> _Work instruction_: Every entry is to be copied exactly as written, and the pictures are to be skipped.

> _Source records_:
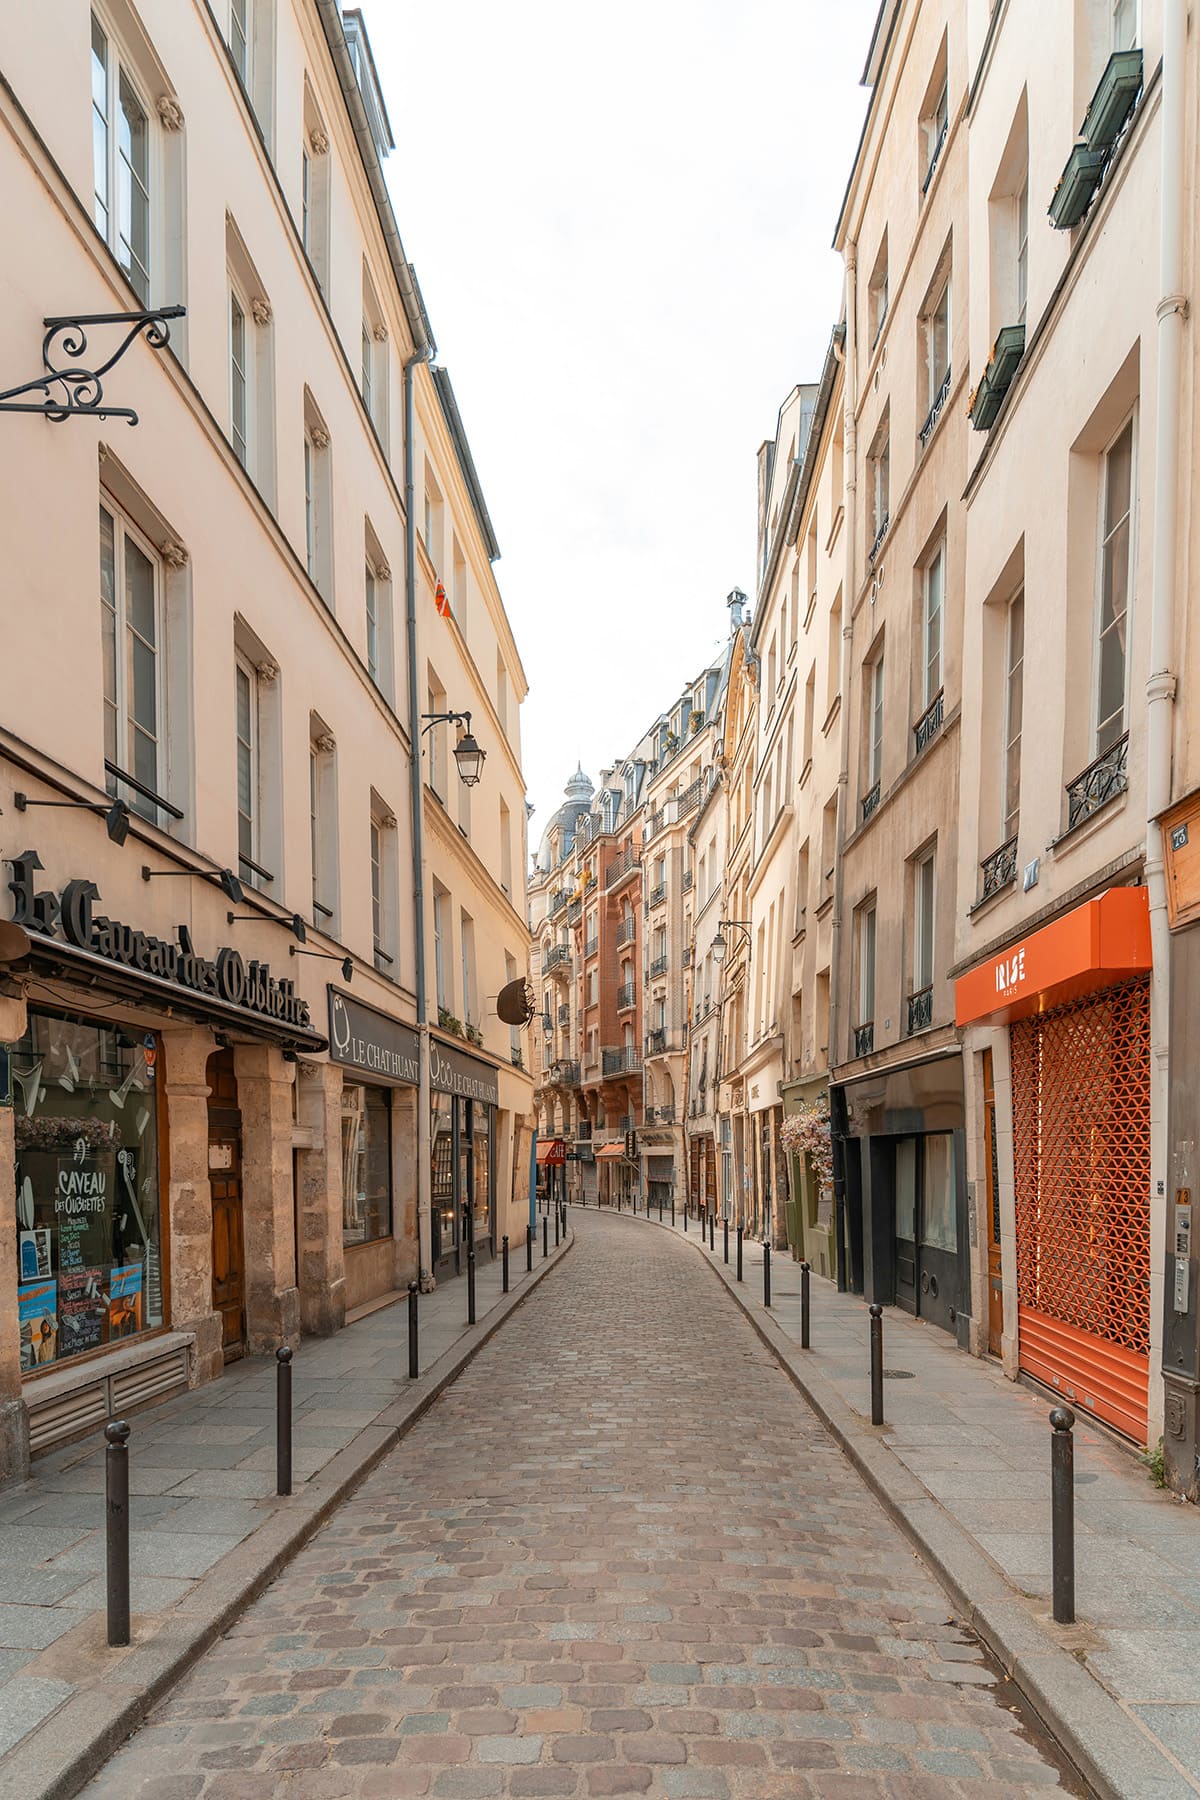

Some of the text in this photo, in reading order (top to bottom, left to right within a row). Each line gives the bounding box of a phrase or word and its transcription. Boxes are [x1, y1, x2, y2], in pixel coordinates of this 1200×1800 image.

[4, 850, 310, 1028] Le Caveau des Oubliettes
[352, 1038, 419, 1081] LE CHAT HUANT
[454, 1073, 496, 1101] LE CHAT HUANT
[58, 1170, 106, 1195] CAVEAU
[1176, 1190, 1189, 1203] 73

> _Answer to this task_:
Some of the text in this photo, in reading order (top to bottom, left to right within a row). Each line gives the bounding box of a phrase or word and its transcription. Boxes are [x1, y1, x2, y2], in pixel coordinates of this 1200×1800 image.

[4, 850, 310, 1028] Le Caveau des Oubliettes
[352, 1038, 419, 1081] LE CHAT HUANT
[454, 1073, 496, 1101] LE CHAT HUANT
[58, 1170, 106, 1195] CAVEAU
[1176, 1190, 1189, 1203] 73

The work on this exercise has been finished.